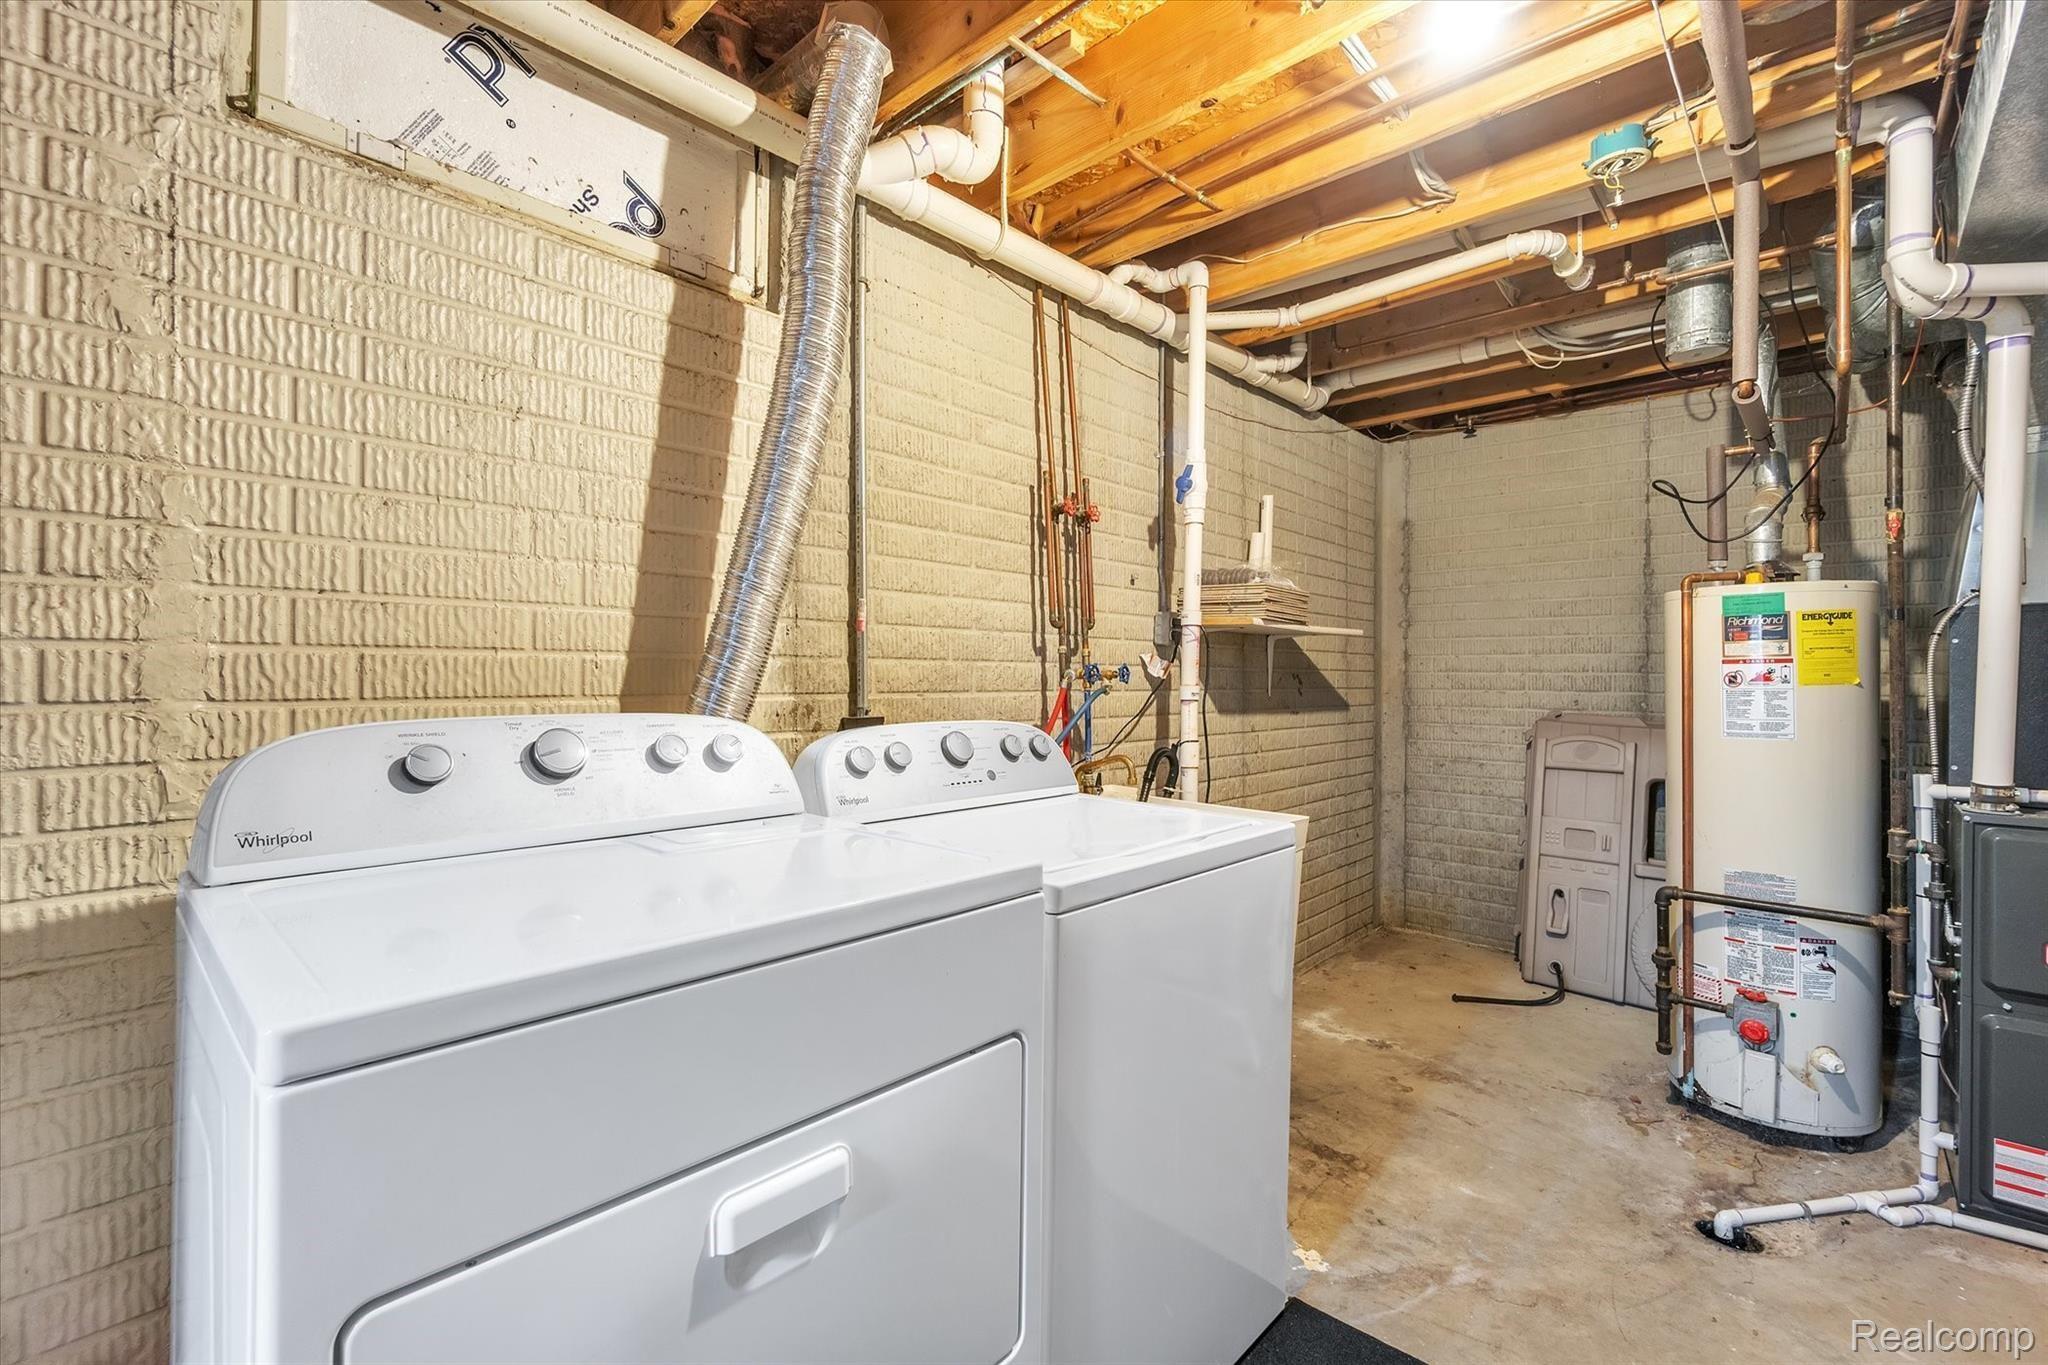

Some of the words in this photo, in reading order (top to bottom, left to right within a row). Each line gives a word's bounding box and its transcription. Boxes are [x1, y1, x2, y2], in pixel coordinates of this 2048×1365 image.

[1727, 614, 1785, 626] Richmond
[1802, 612, 1853, 622] ENERGYGUIDE
[837, 796, 870, 807] Whirlpool
[236, 829, 313, 849] Whirlpool
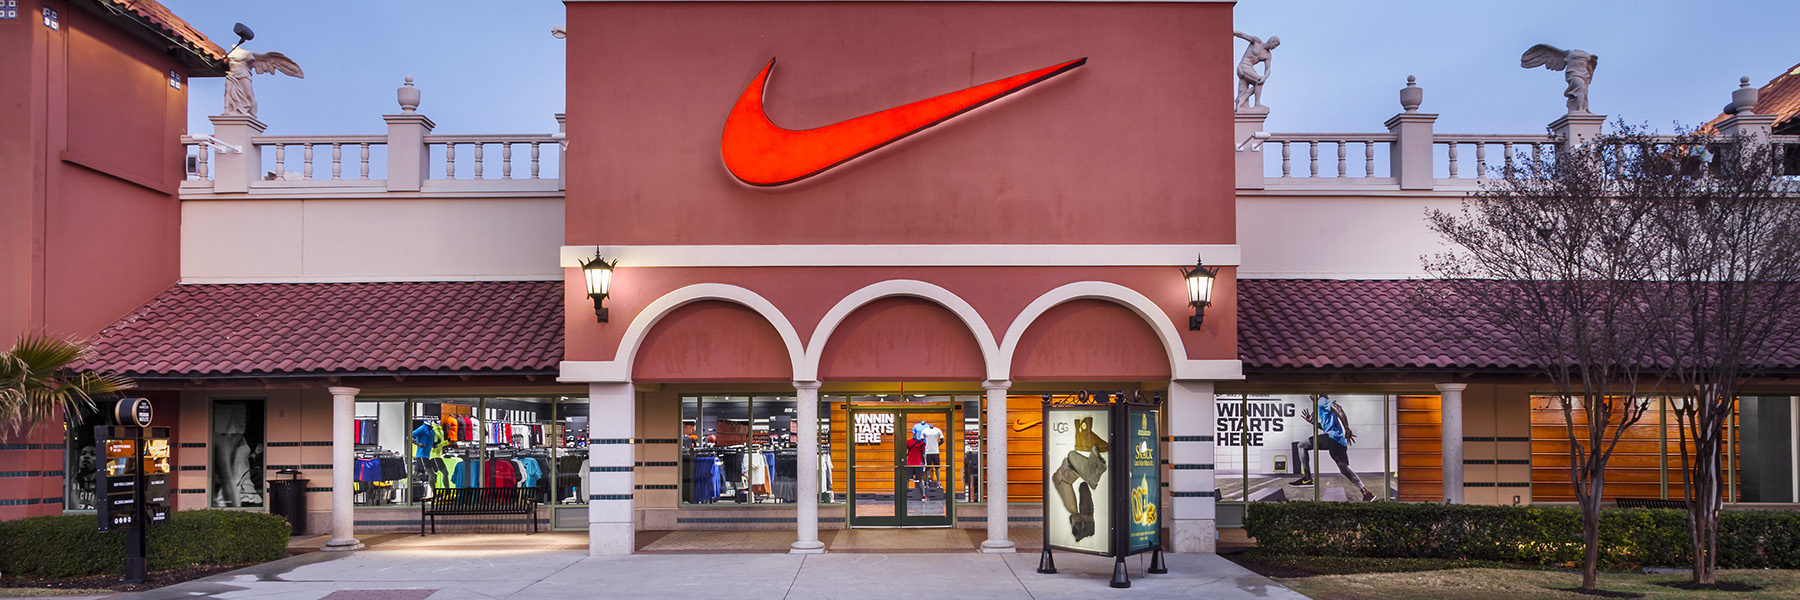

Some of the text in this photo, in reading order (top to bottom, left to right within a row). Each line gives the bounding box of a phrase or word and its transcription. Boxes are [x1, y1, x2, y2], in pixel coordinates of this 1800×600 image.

* Brief *
Set down the data above word for word, leaving every picture out.

* Reply to the task *
Some of the words in this photo, in reading order (top to bottom, left to right within a row). Each line gives a word's bounding box and its transcription. Boxes are [x1, y1, x2, y2], in pixel coordinates of this 2048×1365 image.

[1727, 614, 1785, 626] Richmond
[1802, 612, 1853, 622] ENERGYGUIDE
[837, 796, 870, 807] Whirlpool
[236, 829, 313, 849] Whirlpool

Some of the text in this photo, in reading order (top to bottom, left to right within a row). Each line gives the bounding box of a phrase or word and its transcription. Boxes are [x1, y1, x2, y2], in pixel coordinates of this 1800×600 image.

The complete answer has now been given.